WORK TASK
The data should be printed in full, character for character.

Records contained in a dataset
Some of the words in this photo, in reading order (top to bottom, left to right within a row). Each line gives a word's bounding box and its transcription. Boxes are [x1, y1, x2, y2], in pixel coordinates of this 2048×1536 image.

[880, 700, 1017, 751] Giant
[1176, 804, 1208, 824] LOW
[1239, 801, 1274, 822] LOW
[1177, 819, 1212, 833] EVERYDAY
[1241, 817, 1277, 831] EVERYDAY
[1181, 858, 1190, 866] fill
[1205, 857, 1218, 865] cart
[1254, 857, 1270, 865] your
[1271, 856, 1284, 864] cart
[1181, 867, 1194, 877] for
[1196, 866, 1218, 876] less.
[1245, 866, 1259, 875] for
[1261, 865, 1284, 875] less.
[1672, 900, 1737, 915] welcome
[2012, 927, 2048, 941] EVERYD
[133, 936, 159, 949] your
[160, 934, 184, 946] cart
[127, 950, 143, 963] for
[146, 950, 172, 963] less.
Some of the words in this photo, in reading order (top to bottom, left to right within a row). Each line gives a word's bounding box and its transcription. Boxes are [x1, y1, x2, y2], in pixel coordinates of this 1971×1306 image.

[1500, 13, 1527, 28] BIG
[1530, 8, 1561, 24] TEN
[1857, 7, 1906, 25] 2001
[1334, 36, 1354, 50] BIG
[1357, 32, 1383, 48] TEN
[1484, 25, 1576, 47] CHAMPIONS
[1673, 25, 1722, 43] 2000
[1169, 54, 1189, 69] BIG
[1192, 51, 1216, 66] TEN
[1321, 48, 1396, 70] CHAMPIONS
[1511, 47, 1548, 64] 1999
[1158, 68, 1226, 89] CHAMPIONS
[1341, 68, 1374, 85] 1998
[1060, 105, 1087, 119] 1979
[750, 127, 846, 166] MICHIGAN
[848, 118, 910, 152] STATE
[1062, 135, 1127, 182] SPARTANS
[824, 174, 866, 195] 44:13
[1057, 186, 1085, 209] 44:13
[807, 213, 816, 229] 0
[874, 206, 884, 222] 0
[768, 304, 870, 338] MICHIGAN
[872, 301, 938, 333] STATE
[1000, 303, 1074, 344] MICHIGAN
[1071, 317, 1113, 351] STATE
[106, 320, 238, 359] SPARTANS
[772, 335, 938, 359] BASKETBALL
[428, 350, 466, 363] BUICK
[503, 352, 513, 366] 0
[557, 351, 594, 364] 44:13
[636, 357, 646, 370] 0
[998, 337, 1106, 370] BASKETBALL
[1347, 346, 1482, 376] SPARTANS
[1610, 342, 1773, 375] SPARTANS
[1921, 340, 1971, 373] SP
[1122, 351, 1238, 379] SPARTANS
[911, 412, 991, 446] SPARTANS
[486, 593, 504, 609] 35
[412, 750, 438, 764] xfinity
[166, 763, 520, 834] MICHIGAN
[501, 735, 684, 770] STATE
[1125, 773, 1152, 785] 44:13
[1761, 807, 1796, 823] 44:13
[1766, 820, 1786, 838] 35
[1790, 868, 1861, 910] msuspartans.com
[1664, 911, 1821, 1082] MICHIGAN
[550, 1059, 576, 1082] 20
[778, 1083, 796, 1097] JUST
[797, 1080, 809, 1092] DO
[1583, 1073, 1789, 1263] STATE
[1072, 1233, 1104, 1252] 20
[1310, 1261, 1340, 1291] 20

RESPONSE FOR THIS EXERCISE
Some of the words in this photo, in reading order (top to bottom, left to right within a row). Each line gives a word's bounding box and its transcription. Boxes are [x1, y1, x2, y2], in pixel coordinates of this 2048×1536 image.

[880, 700, 1017, 751] Giant
[1176, 804, 1208, 824] LOW
[1239, 801, 1274, 822] LOW
[1177, 819, 1212, 833] EVERYDAY
[1241, 817, 1277, 831] EVERYDAY
[1181, 858, 1190, 866] fill
[1205, 857, 1218, 865] cart
[1254, 857, 1270, 865] your
[1271, 856, 1284, 864] cart
[1181, 867, 1194, 877] for
[1196, 866, 1218, 876] less.
[1245, 866, 1259, 875] for
[1261, 865, 1284, 875] less.
[1672, 900, 1737, 915] welcome
[2012, 927, 2048, 941] EVERYD
[133, 936, 159, 949] your
[160, 934, 184, 946] cart
[127, 950, 143, 963] for
[146, 950, 172, 963] less.
Some of the words in this photo, in reading order (top to bottom, left to right within a row). Each line gives a word's bounding box and its transcription. Boxes are [x1, y1, x2, y2], in pixel coordinates of this 1971×1306 image.

[1500, 13, 1527, 28] BIG
[1530, 8, 1561, 24] TEN
[1857, 7, 1906, 25] 2001
[1334, 36, 1354, 50] BIG
[1357, 32, 1383, 48] TEN
[1484, 25, 1576, 47] CHAMPIONS
[1673, 25, 1722, 43] 2000
[1169, 54, 1189, 69] BIG
[1192, 51, 1216, 66] TEN
[1321, 48, 1396, 70] CHAMPIONS
[1511, 47, 1548, 64] 1999
[1158, 68, 1226, 89] CHAMPIONS
[1341, 68, 1374, 85] 1998
[1060, 105, 1087, 119] 1979
[750, 127, 846, 166] MICHIGAN
[848, 118, 910, 152] STATE
[1062, 135, 1127, 182] SPARTANS
[824, 174, 866, 195] 44:13
[1057, 186, 1085, 209] 44:13
[807, 213, 816, 229] 0
[874, 206, 884, 222] 0
[768, 304, 870, 338] MICHIGAN
[872, 301, 938, 333] STATE
[1000, 303, 1074, 344] MICHIGAN
[1071, 317, 1113, 351] STATE
[106, 320, 238, 359] SPARTANS
[772, 335, 938, 359] BASKETBALL
[428, 350, 466, 363] BUICK
[503, 352, 513, 366] 0
[557, 351, 594, 364] 44:13
[636, 357, 646, 370] 0
[998, 337, 1106, 370] BASKETBALL
[1347, 346, 1482, 376] SPARTANS
[1610, 342, 1773, 375] SPARTANS
[1921, 340, 1971, 373] SP
[1122, 351, 1238, 379] SPARTANS
[911, 412, 991, 446] SPARTANS
[486, 593, 504, 609] 35
[412, 750, 438, 764] xfinity
[166, 763, 520, 834] MICHIGAN
[501, 735, 684, 770] STATE
[1125, 773, 1152, 785] 44:13
[1761, 807, 1796, 823] 44:13
[1766, 820, 1786, 838] 35
[1790, 868, 1861, 910] msuspartans.com
[1664, 911, 1821, 1082] MICHIGAN
[550, 1059, 576, 1082] 20
[778, 1083, 796, 1097] JUST
[797, 1080, 809, 1092] DO
[1583, 1073, 1789, 1263] STATE
[1072, 1233, 1104, 1252] 20
[1310, 1261, 1340, 1291] 20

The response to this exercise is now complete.